Devant une rangée de livres est placée une photo de nous deux. Je suis au premier plan. Tes bras entourent mes épaules. Ta tête est posée sur la mienne. Ton visage exprime le bonheur. D’un petit coup sec de la main, je renverse le cadre.

Ton image m’agace, tout comme cet appartement chargé de souvenirs. Je dois sortir. J’ai besoin d’air. Je dis à maman que je serai de retour vers vingt heures.

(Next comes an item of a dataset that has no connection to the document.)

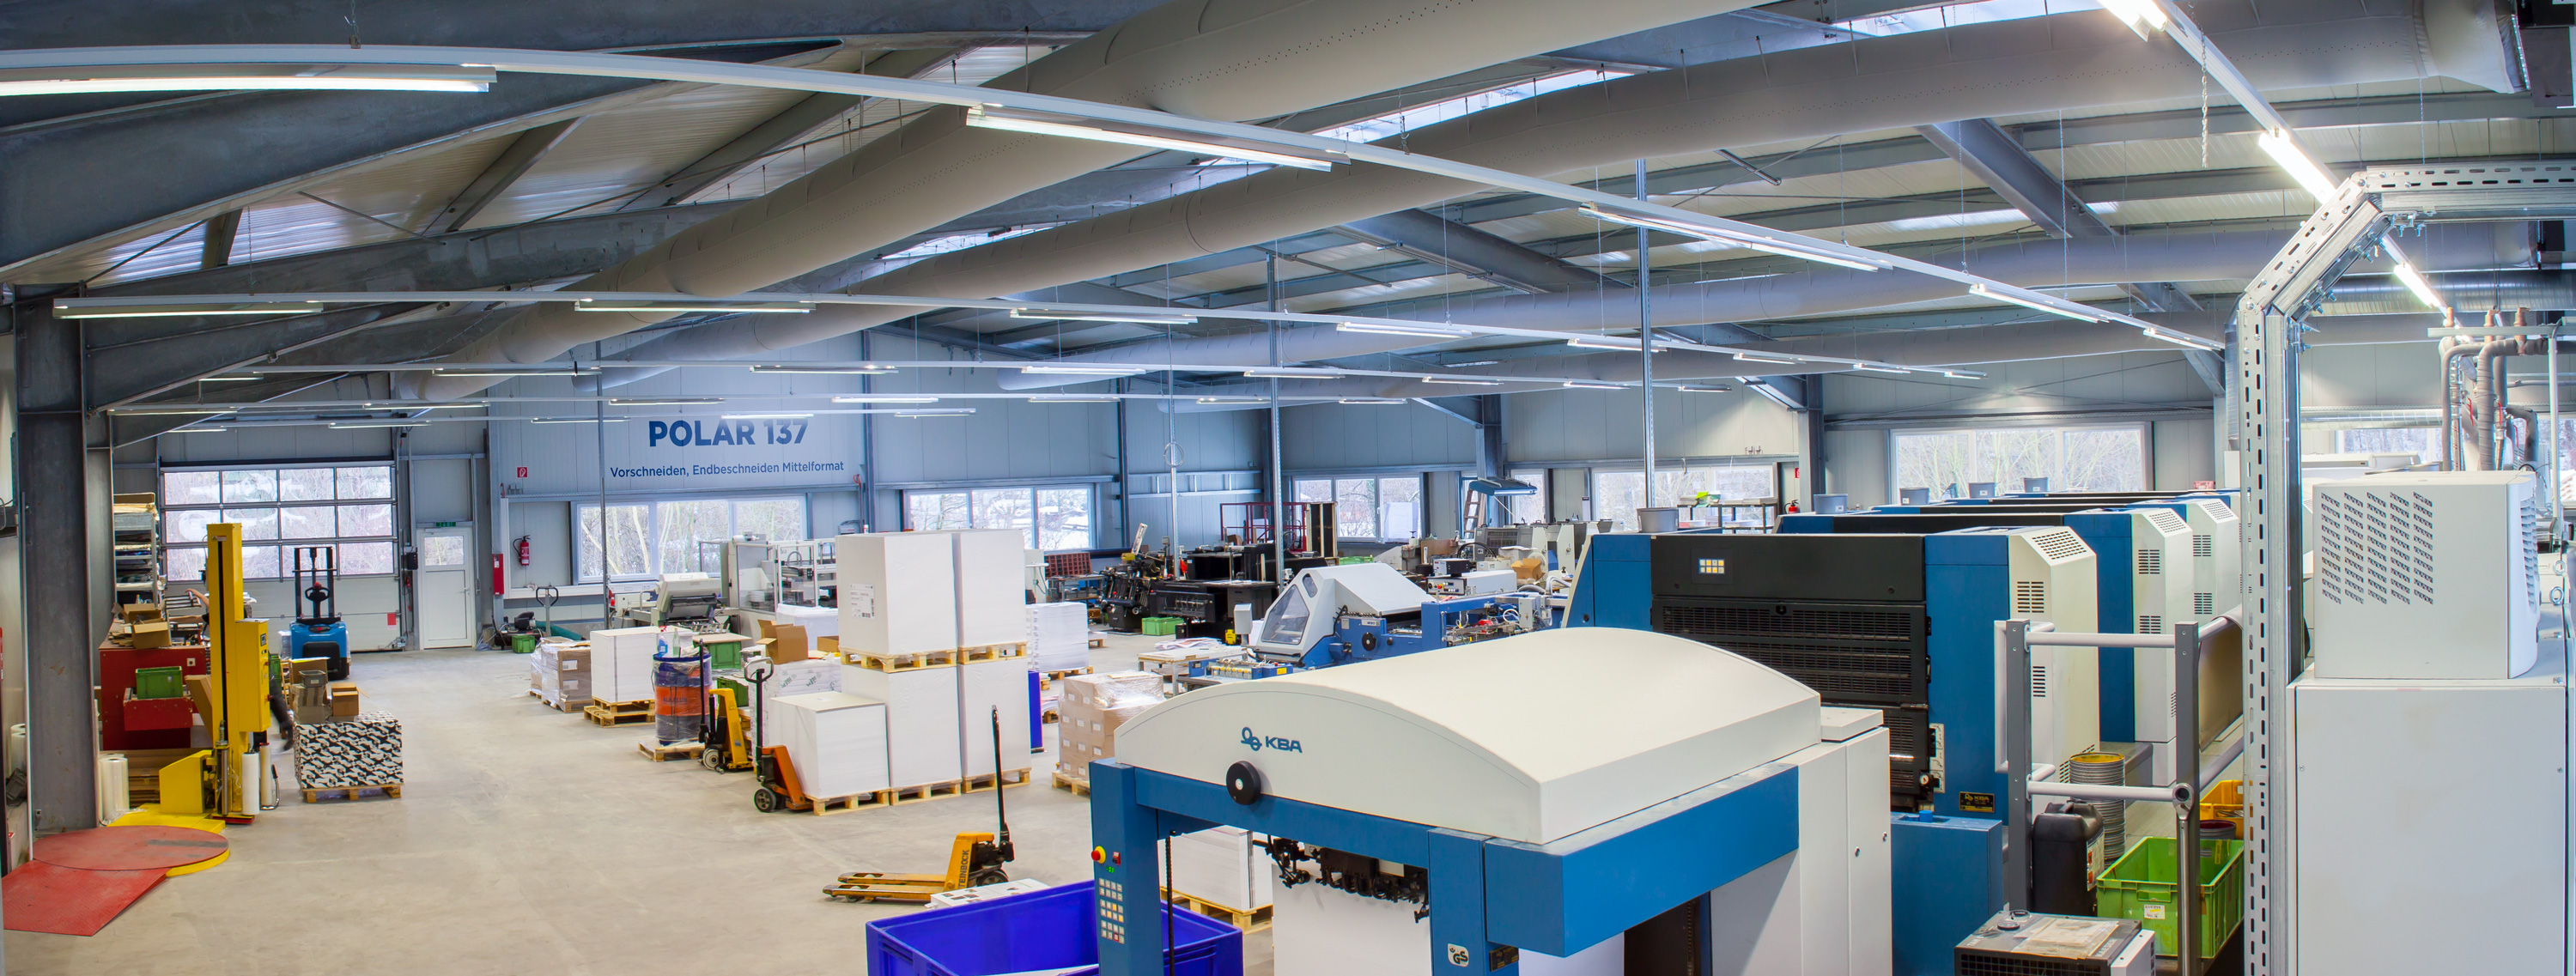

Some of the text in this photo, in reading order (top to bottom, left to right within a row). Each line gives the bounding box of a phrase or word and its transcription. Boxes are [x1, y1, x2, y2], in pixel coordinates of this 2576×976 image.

[648, 419, 809, 447] POLAR 137
[611, 461, 844, 477] Vorschneiden, Endbeschneiden Mittelformat
[1265, 736, 1303, 754] KBA
[958, 850, 970, 888] TEINBOCK

— Essaie de ne pas être en retard. Tu sais comment est ton père…

— Mon quoi ?

Ses mains tremblent. J’avais ta voix. Elle bafouille :

— Claude. Je voulais dire… Claude. Je… C’est l’habitude, tu comprends, Stanislas ? Je n’ai pas fait exprès, pardonne-moi.

Pauvre femme !

— Inutile de te mettre dans tous ces états. Tu es vraiment à la masse, maman. Tu ferais mieux d’aller avaler un de tes lexo-machin.

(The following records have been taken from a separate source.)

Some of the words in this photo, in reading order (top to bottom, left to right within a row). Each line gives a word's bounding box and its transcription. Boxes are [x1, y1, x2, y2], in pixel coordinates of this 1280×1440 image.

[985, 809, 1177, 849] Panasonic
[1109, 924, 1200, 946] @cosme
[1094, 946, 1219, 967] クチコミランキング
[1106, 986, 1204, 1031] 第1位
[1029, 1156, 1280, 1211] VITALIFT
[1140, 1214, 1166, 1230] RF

Je sais qu’elle va pleurer après que j’aie claqué la porte, mais je m’en fous. Elle n’est pas aussi innocente qu’elle voudrait l’être dans ta disparition. C’est ta mère, elle aurait dû te soutenir au lieu de s’effondrer et de laisser Claude tout régenter. Tu m’approuves de ne pas l’épargner.

— Bonjour. Comment va Stanislas Drouaux ?

— Comment va Mylène ?

Je ne t’ai pas encore parlé de cette fille aux cheveux auburn, au regard océan, au visage d’ange. C’est ma petite fiancée, même si rien n’est concrétisé entre nous. J’ai envie d’elle, la réciproque est évidente, nous nous attendons. La longueur de ses jambes me fascine. Une démarche et un sourire provocateurs. Mais elle n’a rien à voir avec ta Salomé. Mylène a beaucoup plus de classe.

Notre rencontre remonte à six mois. Cédric, mon meilleur ami qui vit en province, l’a draguée à la terrasse d’un café lors de sa dernière visite à Paris. Elle est venue à notre table, mais c’est avec moi qu’elle a échangé son numéro de téléphone. Nous habitons tout près. Nous nous croisons souvent, comme aujourd’hui. Nous nous appelons fréquemment pour discuter. Je lui parle de tout, sauf de toi.

Je l’invite à prendre un verre. Elle commande un thé, moi un kir. Elle passe sa main dans ses cheveux pour les gonfler. Elle rit :

— Qu’est-ce que tu as à me regarder bêtement comme ça ? Tu m’énerves.

Elle prononce ces derniers mots avec une petite moue adorable.

— Pourquoi ?

— Parce que. Tu me fixes, comme ça, il n’y a rien de pire pour m’exciter.

— Et alors ? C’est bon, l’excitation.

— S’il te plaît, Stan. Ton humour à quatre sous…

Nous nous taisons. Le silence est doux.